傅景琛從沒有在一個女人身上生出這樣的挫敗感。
他罵了句臟話,將溫婉抗在肩頭,大步朝樓上走去。
溫婉任由他將自己丟在床上。
她空洞的盯著天花板,聽到傅景琛將門狠狠甩上的聲音。
那么大的動靜,天花板上的吊燈,都跟著震了震。
窗外很快就傳來汽車發動的聲音。
裴池接到傅景琛電話的時候,正在酒吧里玩。
這幾天,他人天天泡在這家酒吧里。
一來是為了躲家里的老爺子,二來
他隔空對著臺上的女人舉杯。
這個酒吧的老板,實在有趣。
傅景琛聽著電話里嘈雜的電音,就知道,裴池又去泡吧了。
很少買醉的他,這時候,也想讓自己醉一回。
裴池聽出傅景琛語氣有些不對勁,卻也沒有多想,報出地址,讓他過來。
趙可心一曲唱罷,款款走下臺。
最近她找的那個駐唱歌手參加比賽去了,這一個月以來,基本上都是她在撐場子。
她走到吧臺,指尖在桌子上敲了敲。
調酒師立馬會意,送上一杯金樽龍舌蘭。
趙可心舉起杯子,熟練的吞入口中,辛辣的酒精瞬間喚醒味蕾,身心舒爽。
她睨了一眼走過來的男人,敲敲杯子,示意侍者給她添上。
“想不到趙老板長得這么甜美,居然喜歡龍舌蘭。

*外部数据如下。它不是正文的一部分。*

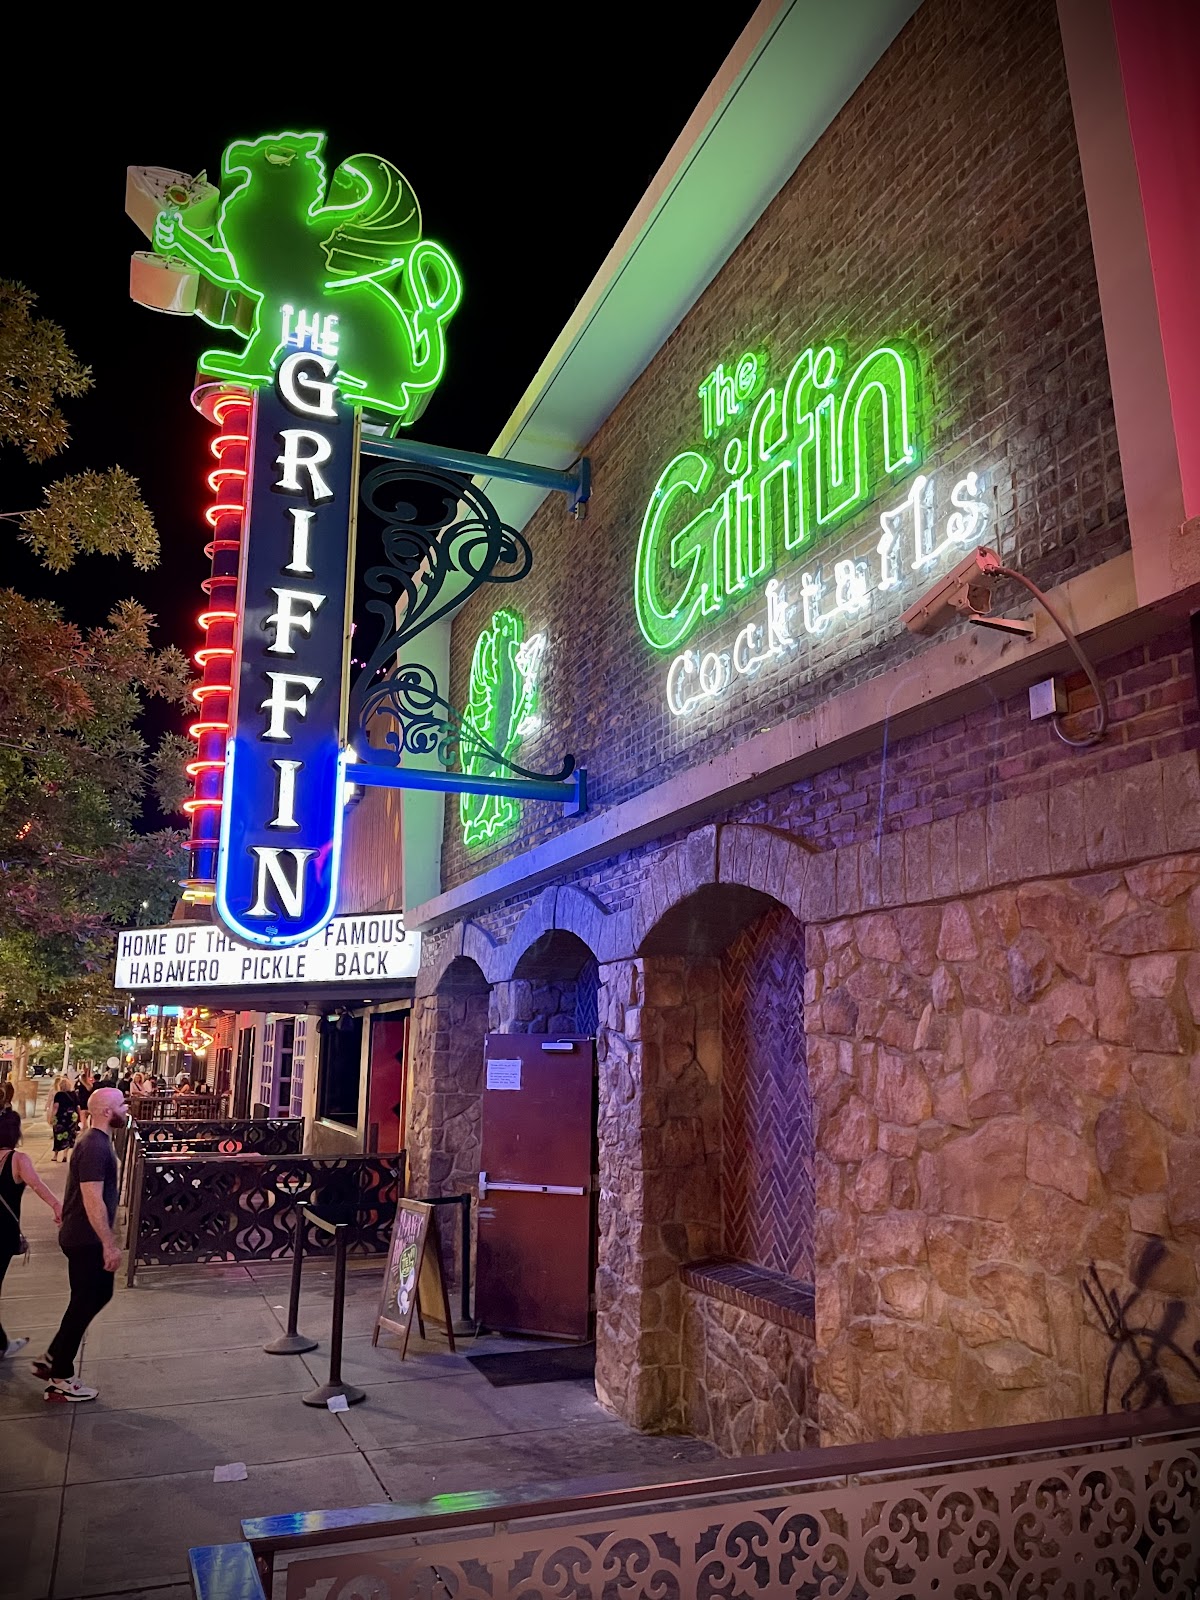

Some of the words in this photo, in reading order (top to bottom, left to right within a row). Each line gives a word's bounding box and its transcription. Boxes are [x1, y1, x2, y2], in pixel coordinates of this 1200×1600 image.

[280, 303, 340, 357] THE
[698, 351, 759, 440] The
[634, 345, 915, 650] Griffin
[241, 351, 340, 918] GRIFFIN
[121, 932, 168, 958] HOME
[175, 932, 197, 955] OF
[206, 930, 237, 954] THE
[323, 919, 407, 947] FAMOUS
[129, 959, 220, 984] HABANERO
[240, 954, 306, 981] PICKLE
[334, 950, 389, 977] BACK
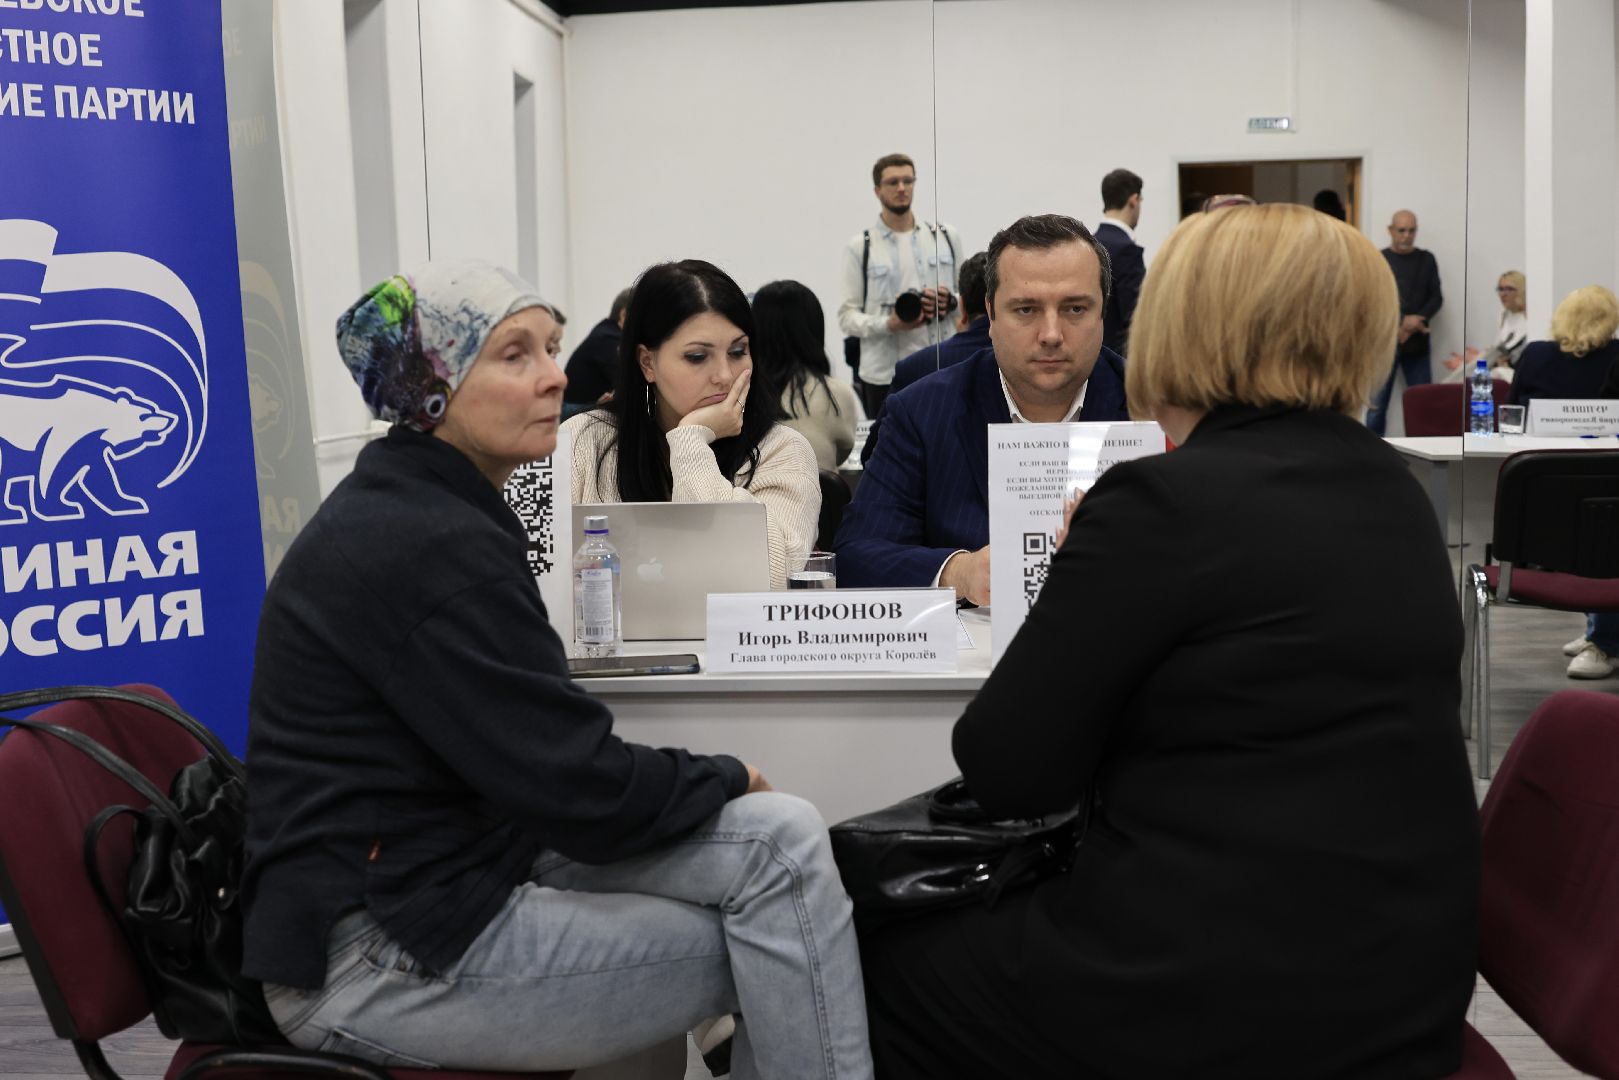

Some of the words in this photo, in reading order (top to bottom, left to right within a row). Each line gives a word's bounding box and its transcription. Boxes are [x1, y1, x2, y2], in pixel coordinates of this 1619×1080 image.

[0, 28, 103, 67] ТНОЕ
[54, 84, 195, 125] ПАРТИИ
[997, 442, 1021, 450] НАМ
[1023, 440, 1061, 450] ВАЖНО
[1103, 439, 1143, 448] НЕНИЕ!
[1, 530, 199, 593] ИНАЯ
[0, 588, 205, 657] ССИЯ
[762, 602, 903, 622] ТРИФОНОВ
[738, 631, 792, 648] Игорь
[798, 630, 928, 646] Владимирович
[731, 653, 766, 663] Глава
[770, 653, 837, 664] городского
[840, 652, 881, 663] округа
[885, 650, 936, 662] Королёв

”
裴池矜貴的拿著酒杯走過來,擺明了是想搭訕。
趙可心拿起剛斟滿的酒杯,仰頭飲盡,將酒杯放下。
她一只手撐在耳后,一頭披肩散發嫵媚的散落下來,襯得那張臉,魅惑眾生。
趙可心意有所指的看了一眼裴池的莫吉托,眼里玩味甚濃。
“我也沒想到,裴總居然喜歡這種酒。”
裴池聽出趙可心的調侃,也不在意。
他倚著吧臺,雙手撐在大理石桌面上,袖口翻出一節,剛好露出骨節分明的手腕,還有那只價值不菲的手表。
十足的浪蕩公子哥兒!
趙可心對這種人見多了,即便那張臉還算夠看,她也沒興趣。
這人已經接連一星期來這了,存了什么心思,她一清二楚。